By Mid-Afternoon, I’m Already Tired

A man, lying face down on a bed, asleep

Most mornings begin well.

There is prayer. There is Scripture. There is a quiet intention to be kind, measured, and encouraging. I often start the day thinking, Today I will be cheerful. Today I will say the right things.

And then something shifts.

It is rarely dramatic. No raised voices. No obvious conflict. Just a sentence — perhaps the tone is wrong, perhaps the timing is off, perhaps my face is doing something I don’t realise. Whatever it is, the atmosphere changes.

From that moment, the mental spiral begins.

  • What did I say?
  • Was it the wording?
  • Was it my tone?
  • Do I need to apologise?
  • If so, for what exactly?
  • How should the apology be phrased?
  • Should I try to start a “normal” conversation?
  • What does “normal” even sound like?

By the time I have run through these questions several times, the day feels heavy.

The Invisible Work

What many people do automatically requires deliberate effort for me.

Putting myself into another person’s perspective does not come instinctively. (Psychologists call this “Theory of Mind.”) Naming and describing my own emotions is also difficult — a trait often referred to as alexithymia.

So when something feels “off,” I do not have a quick internal explanation. I have a puzzle.

Meanwhile, my senses are busy. I may be distracted by movement, light, or sound. Or I may shut down and stare into space while my mind attempts to process what just happened. Facial expressions do not always match tone. Tone does not always match words. When they conflict, I become uncertain which signal to trust.

If I interpret anger — whether it is there or not — my nervous system reacts quickly. Not thoughtfully. Quickly. The urge is to retreat, to escape, to protect. All of this can happen in the space of a few minutes.

And it is tiring.

The difficult part is this: the day usually begins with good intentions. I genuinely want to connect well with the person I share my life with. I want warmth. I want ease.

Good Intentions, Complicated Outcomes

But communication is not simply about wanting it to go well. It is a two-way process. When one person has to consciously analyse tone, wording, facial expression, timing, and possible hidden meaning — while also managing sensory input and emotional confusion — the effort becomes enormous.
By mid-afternoon, I often feel as though I have run a marathon. Externally, very little may have happened. Internally, it has been relentless.

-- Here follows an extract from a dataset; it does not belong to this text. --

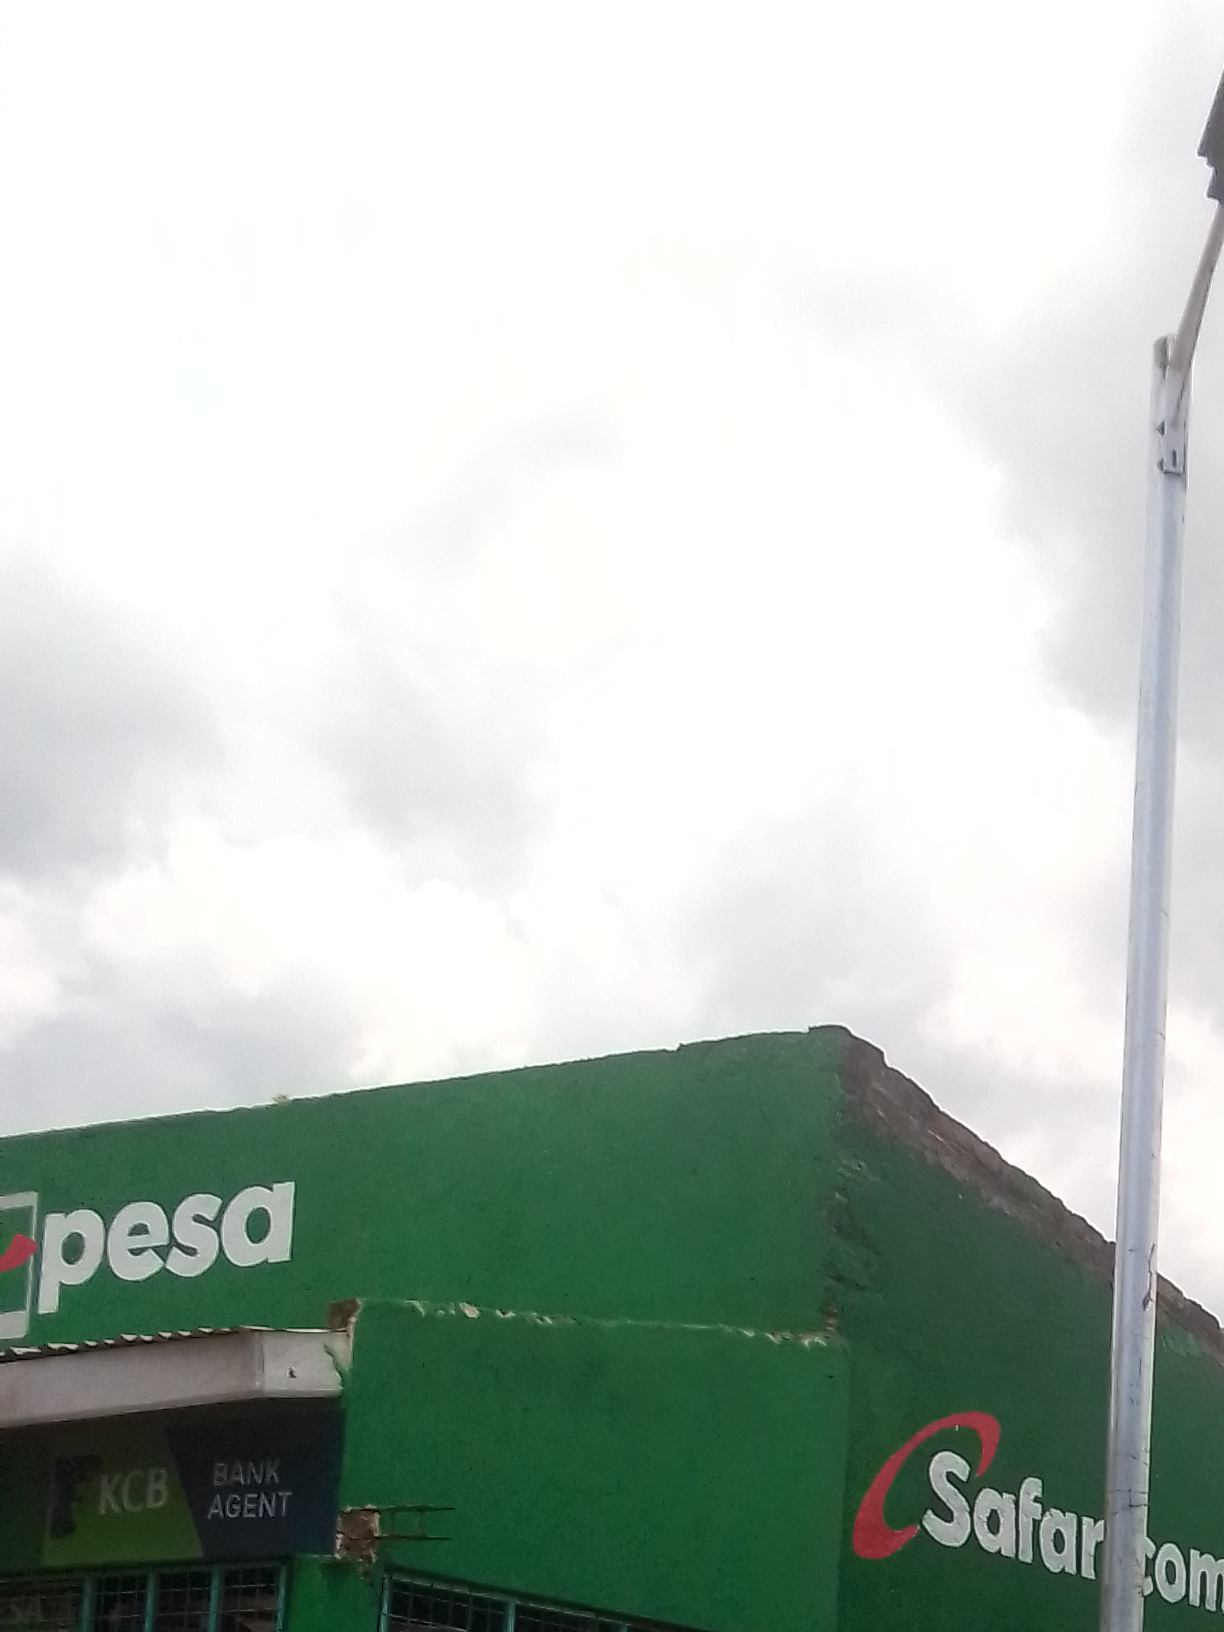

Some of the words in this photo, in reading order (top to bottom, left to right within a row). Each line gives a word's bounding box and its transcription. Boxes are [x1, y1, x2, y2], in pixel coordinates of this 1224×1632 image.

[213, 1459, 282, 1487] BANK
[99, 1467, 170, 1515] KCB
[207, 1491, 293, 1519] AGENT

For those who communicate intuitively, it may appear that misunderstandings are simply carelessness or stubbornness. From the inside, however, it feels more like trying to tune a radio that never quite locks onto the correct frequency.

A Different Way of Seeing It

The desire for harmony is real. The effort is real. The exhaustion is real.
Perhaps part of the answer lies not only in trying harder, but in recognising that communication differences are exactly that — differences. Where one person relies on instinct, another relies on analysis. Where one assumes shared understanding, another must construct it step by step.

And constructing understanding, all day long, is hard work.